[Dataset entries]
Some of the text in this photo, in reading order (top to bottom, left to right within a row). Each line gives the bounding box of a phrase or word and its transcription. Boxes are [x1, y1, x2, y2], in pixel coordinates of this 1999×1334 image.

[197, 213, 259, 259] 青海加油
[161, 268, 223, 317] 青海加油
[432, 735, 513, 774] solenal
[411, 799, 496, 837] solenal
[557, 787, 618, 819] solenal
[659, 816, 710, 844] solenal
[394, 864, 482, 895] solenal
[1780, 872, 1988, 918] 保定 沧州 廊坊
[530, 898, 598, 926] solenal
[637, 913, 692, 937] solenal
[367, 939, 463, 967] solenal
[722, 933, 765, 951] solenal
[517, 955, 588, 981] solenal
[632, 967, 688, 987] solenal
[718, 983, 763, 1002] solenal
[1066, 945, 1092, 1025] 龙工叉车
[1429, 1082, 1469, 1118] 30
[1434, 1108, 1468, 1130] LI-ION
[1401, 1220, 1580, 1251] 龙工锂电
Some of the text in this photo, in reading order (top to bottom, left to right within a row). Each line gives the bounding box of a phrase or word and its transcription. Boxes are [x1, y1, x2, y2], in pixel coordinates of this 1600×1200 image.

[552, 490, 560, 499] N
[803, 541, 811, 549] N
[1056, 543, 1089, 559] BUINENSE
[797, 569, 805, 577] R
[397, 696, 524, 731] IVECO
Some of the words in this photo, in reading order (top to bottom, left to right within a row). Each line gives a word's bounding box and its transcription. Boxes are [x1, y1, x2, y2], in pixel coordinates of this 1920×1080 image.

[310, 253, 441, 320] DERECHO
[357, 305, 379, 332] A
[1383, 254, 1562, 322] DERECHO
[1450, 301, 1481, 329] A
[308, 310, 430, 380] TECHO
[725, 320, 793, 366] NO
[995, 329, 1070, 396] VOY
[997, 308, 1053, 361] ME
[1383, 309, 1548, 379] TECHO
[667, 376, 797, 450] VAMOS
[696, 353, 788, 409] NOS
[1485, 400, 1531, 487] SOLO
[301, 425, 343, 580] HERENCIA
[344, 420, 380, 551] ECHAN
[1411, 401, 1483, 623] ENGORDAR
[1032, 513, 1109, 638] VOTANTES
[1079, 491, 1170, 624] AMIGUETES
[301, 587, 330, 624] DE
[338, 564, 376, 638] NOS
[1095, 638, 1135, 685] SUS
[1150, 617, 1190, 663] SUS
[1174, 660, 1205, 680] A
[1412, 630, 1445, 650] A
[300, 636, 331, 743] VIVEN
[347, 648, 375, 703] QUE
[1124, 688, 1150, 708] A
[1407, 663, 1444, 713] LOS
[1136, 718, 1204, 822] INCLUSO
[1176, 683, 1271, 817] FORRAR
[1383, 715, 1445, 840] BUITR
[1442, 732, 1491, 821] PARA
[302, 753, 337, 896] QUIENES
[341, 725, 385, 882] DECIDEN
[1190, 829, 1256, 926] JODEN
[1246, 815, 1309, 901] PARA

## Exercise details
Without leaving anything out, repeat every entry shown above.

## Finished exercise
Some of the text in this photo, in reading order (top to bottom, left to right within a row). Each line gives the bounding box of a phrase or word and its transcription. Boxes are [x1, y1, x2, y2], in pixel coordinates of this 1999×1334 image.

[197, 213, 259, 259] 青海加油
[161, 268, 223, 317] 青海加油
[432, 735, 513, 774] solenal
[411, 799, 496, 837] solenal
[557, 787, 618, 819] solenal
[659, 816, 710, 844] solenal
[394, 864, 482, 895] solenal
[1780, 872, 1988, 918] 保定 沧州 廊坊
[530, 898, 598, 926] solenal
[637, 913, 692, 937] solenal
[367, 939, 463, 967] solenal
[722, 933, 765, 951] solenal
[517, 955, 588, 981] solenal
[632, 967, 688, 987] solenal
[718, 983, 763, 1002] solenal
[1066, 945, 1092, 1025] 龙工叉车
[1429, 1082, 1469, 1118] 30
[1434, 1108, 1468, 1130] LI-ION
[1401, 1220, 1580, 1251] 龙工锂电
Some of the text in this photo, in reading order (top to bottom, left to right within a row). Each line gives the bounding box of a phrase or word and its transcription. Boxes are [x1, y1, x2, y2], in pixel coordinates of this 1600×1200 image.

[552, 490, 560, 499] N
[803, 541, 811, 549] N
[1056, 543, 1089, 559] BUINENSE
[797, 569, 805, 577] R
[397, 696, 524, 731] IVECO
Some of the words in this photo, in reading order (top to bottom, left to right within a row). Each line gives a word's bounding box and its transcription. Boxes are [x1, y1, x2, y2], in pixel coordinates of this 1920×1080 image.

[310, 253, 441, 320] DERECHO
[357, 305, 379, 332] A
[1383, 254, 1562, 322] DERECHO
[1450, 301, 1481, 329] A
[308, 310, 430, 380] TECHO
[725, 320, 793, 366] NO
[995, 329, 1070, 396] VOY
[997, 308, 1053, 361] ME
[1383, 309, 1548, 379] TECHO
[667, 376, 797, 450] VAMOS
[696, 353, 788, 409] NOS
[1485, 400, 1531, 487] SOLO
[301, 425, 343, 580] HERENCIA
[344, 420, 380, 551] ECHAN
[1411, 401, 1483, 623] ENGORDAR
[1032, 513, 1109, 638] VOTANTES
[1079, 491, 1170, 624] AMIGUETES
[301, 587, 330, 624] DE
[338, 564, 376, 638] NOS
[1095, 638, 1135, 685] SUS
[1150, 617, 1190, 663] SUS
[1174, 660, 1205, 680] A
[1412, 630, 1445, 650] A
[300, 636, 331, 743] VIVEN
[347, 648, 375, 703] QUE
[1124, 688, 1150, 708] A
[1407, 663, 1444, 713] LOS
[1136, 718, 1204, 822] INCLUSO
[1176, 683, 1271, 817] FORRAR
[1383, 715, 1445, 840] BUITR
[1442, 732, 1491, 821] PARA
[302, 753, 337, 896] QUIENES
[341, 725, 385, 882] DECIDEN
[1190, 829, 1256, 926] JODEN
[1246, 815, 1309, 901] PARA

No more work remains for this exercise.